Bundesverfassungsgericht: Street Art wird als Kunstform anerkannt

  • Mit einem Urteil des Bundesverfassungsgerichtes ist Straßenfotografie als vom Grundgesetz geschützte Kunstform anzusehen.

    Der Ostkreuz-Fotograf Espen Eichhöfer hatte im Sommer 2015 Verfassungsbeschwerde eingereicht, die das Gericht nicht angenommen hatte.

    Grund für die Beschwerde war ein Beschluss des Kammergerichts. Eine Frau hatte gegen die Verletzung ihres Persönlichkeitsrechts geklagt, weil sie auf einem Bild, das in einer Ausstellung ausgehängt war erkannt hatte. Sie verlangte von Eichhöfer eine fiktive Lizenzgegühr und eine Geldentschädigung. Der Frau wurde weder die Lizenzgebühr, noch die Geldentschädigung zugesprochen. Allerdings wurde ihr Anspruch auf die Erstattung ihrer Anwaltskosten zur Geltendmachung ihres Unterlassungsanspruchs gewährt. Das Foto in der Ausstellung zu zeigen, habe ihr Persönlichkeitsrecht rechtswidrig verletzt. Eichhöfer erhob Verfasssungsbeschwerde und berief sich auf die grundgesetzlich geschützte Kunstfreiheit (Art. 5 Abs. 3 GG).

    Das Bundesverfassungsgericht hob die Entscheidung des Kammergerichts nicht auf.

    In seiner Urteilsbegründung erkennt das Bundesverfassungsgericht allerdings das Foto als Kunstwerk und die Straßenfotografie als Kunstform an, die in den Bereich der Kunstfreiheit fällt.

    Als „stukturtypisches Merkmal der Straßenfotografie“ sieht dasBundesverfassungsgericht die „ungestellte Abbbildung ohne vorherige Einigung“ an.

    Nach Ansicht von Sebastian Graalfs, des Rechtsanwalts Espen Eichhöfers, folgt daraus, „dass künstlerische Straßenfotografie nicht allein deshalb als rechtswidrig angesehen werden kann, weil keine Einwilligung der Abgebildeten vorliegt“.
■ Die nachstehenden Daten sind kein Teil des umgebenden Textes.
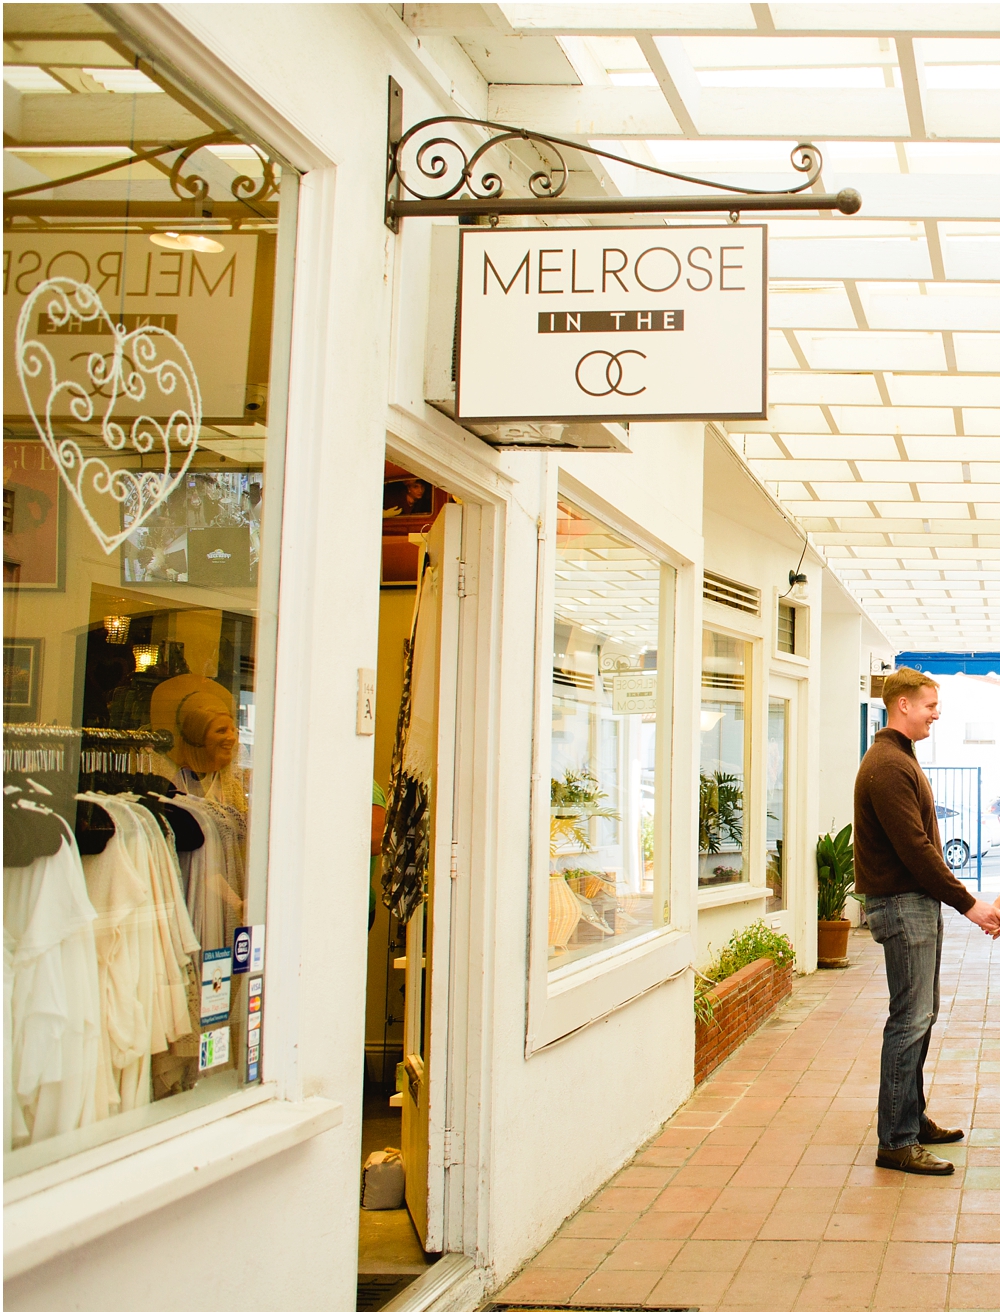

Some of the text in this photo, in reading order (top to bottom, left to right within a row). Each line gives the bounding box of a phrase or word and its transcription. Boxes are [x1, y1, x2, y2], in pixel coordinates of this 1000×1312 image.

[482, 246, 746, 295] MELROSE
[550, 311, 676, 332] IN THE
[575, 349, 647, 397] OC
    Außerdem führte das Gericht aus, „dass es mit der Kunstfreiheit nicht zu vereinbaren wäre, ihren Wirkbereich auf Galerien, Museen oder ähnlich räumlich begrenzte Ausstellungsorte zu begrenzen.“

    Das Kammergericht habe in seinem Urteil nicht die Bedeutung und Tragweite der Kunstfreiheit verkannt, weil es „die Schwere der Beeinträchtigung des Persönlichkeitsrechts der Klägerin aus der Art der Präsentation des Bildes als großformatigem Blickfang an einer öffentlichen Straße hergeleitet habe“ und „die Präsentation auf einer großformatigen Stelltafel an einer der verkehrsreichsten Straßen einer Millionenstadt zum zentralen Punkt seiner Abwägung“ gemacht habe.
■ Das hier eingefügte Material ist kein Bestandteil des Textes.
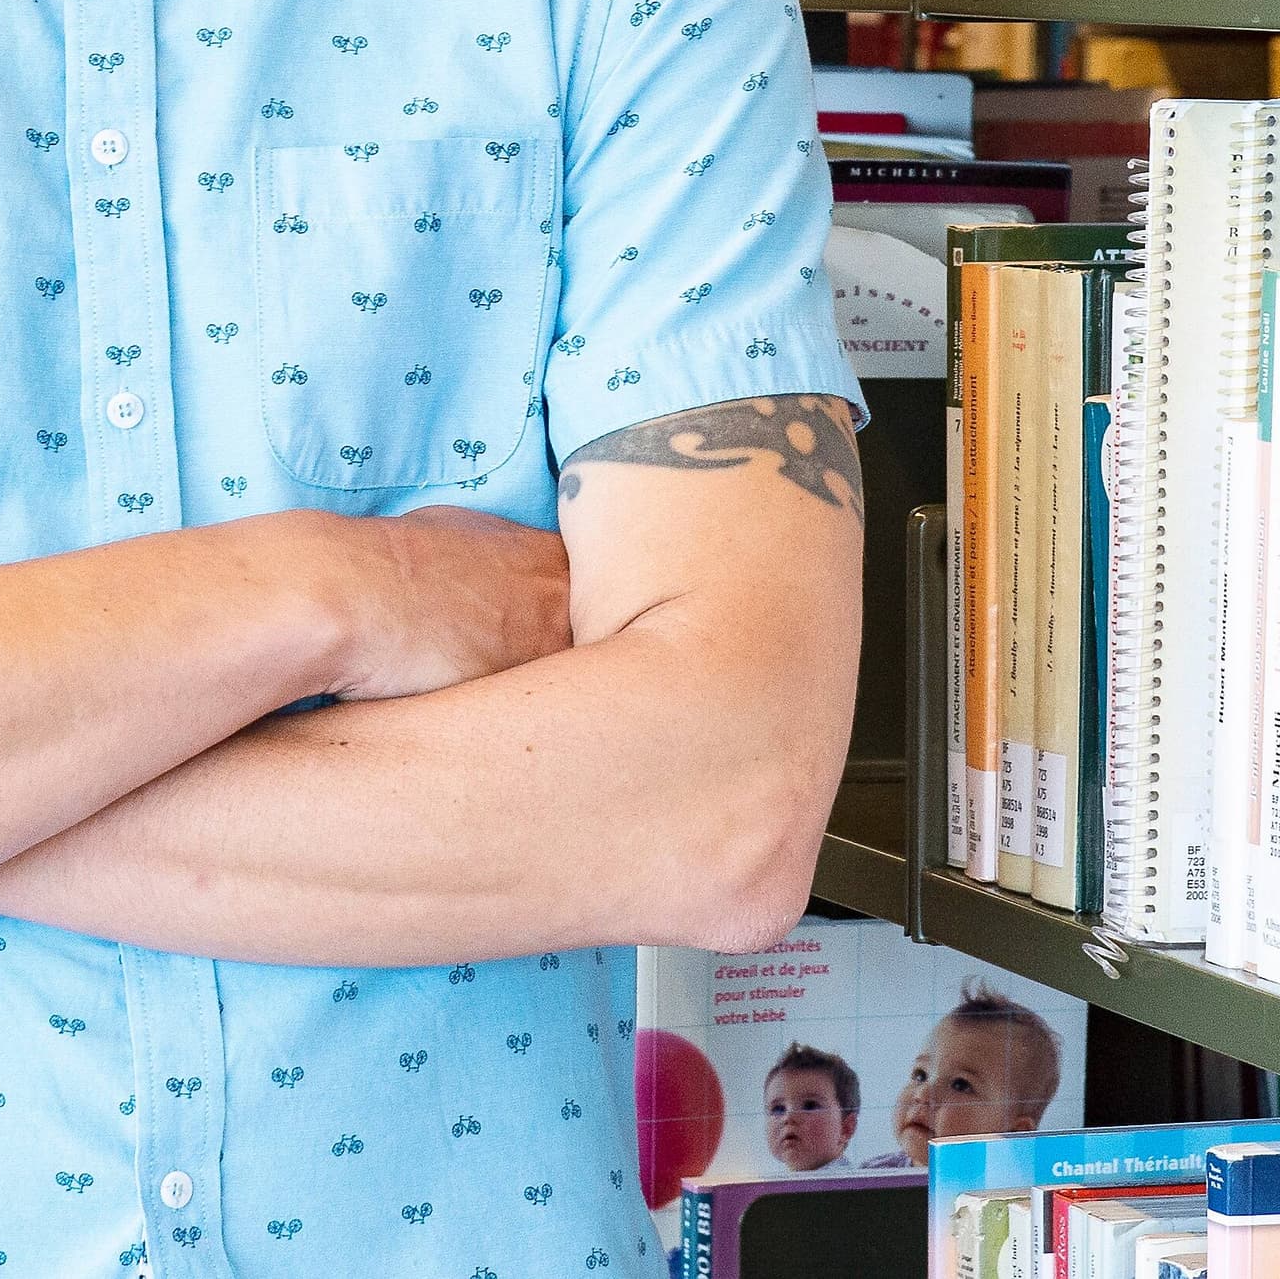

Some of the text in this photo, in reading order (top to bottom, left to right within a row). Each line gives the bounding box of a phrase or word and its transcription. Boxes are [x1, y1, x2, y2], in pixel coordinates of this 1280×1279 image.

[848, 165, 960, 180] MICHELET
[850, 315, 868, 326] de
[1260, 313, 1271, 394] Louise Noël
[1219, 571, 1229, 663] Montagner
[950, 528, 961, 744] ATTACHEMENT ET DÉVELOPPEMENT
[1218, 667, 1226, 725] Hubert
[1002, 760, 1012, 774] 723
[1037, 768, 1047, 782] 723
[1187, 845, 1201, 855] BF
[1187, 856, 1205, 866] 723
[1186, 868, 1206, 878] A75
[1186, 879, 1206, 889] E53
[714, 962, 830, 980] d'éveil et de jeux
[714, 984, 806, 1006] pour stimuler
[713, 1008, 786, 1025] votre bébé
[1051, 1157, 1120, 1177] Chantal
[696, 1201, 711, 1237] BB
    Rechtswanwalt Sebastianb Graalfs kritisiert als kritikwürdig, dass die Art der Präsentation als maßgebliches Kriterium herangezogen wird. „Alle mir bekannten Entscheidungen des Bundesverfassungsgerichts zu dem Verhältnis der Kunstfreiheit und des Persönlichkeitsrechts haben für die rechtliche Beuirteilung in erster Linie auf dessen Inhalt bzw. dessen Gehalt abgestellt, beispielsweise darauf, dass ein Kunstwerk ehrverletzend sei oder die Intimsphäre eines Betroffenen verletze. Dass sich die Rechtswidrigkeit der Ausstellung eines Kunstwerks jedoch maßgeblich aus dem Grad seiner Sichtbarkeit ergibt, halte ich für ein zu unbestimmtes und für mein Verständnis der Kunstfreiheit problematisches Kriterium. Denn Kunst lebt von ihrer Sichtbarkeit.“ (Barbara Hartmann)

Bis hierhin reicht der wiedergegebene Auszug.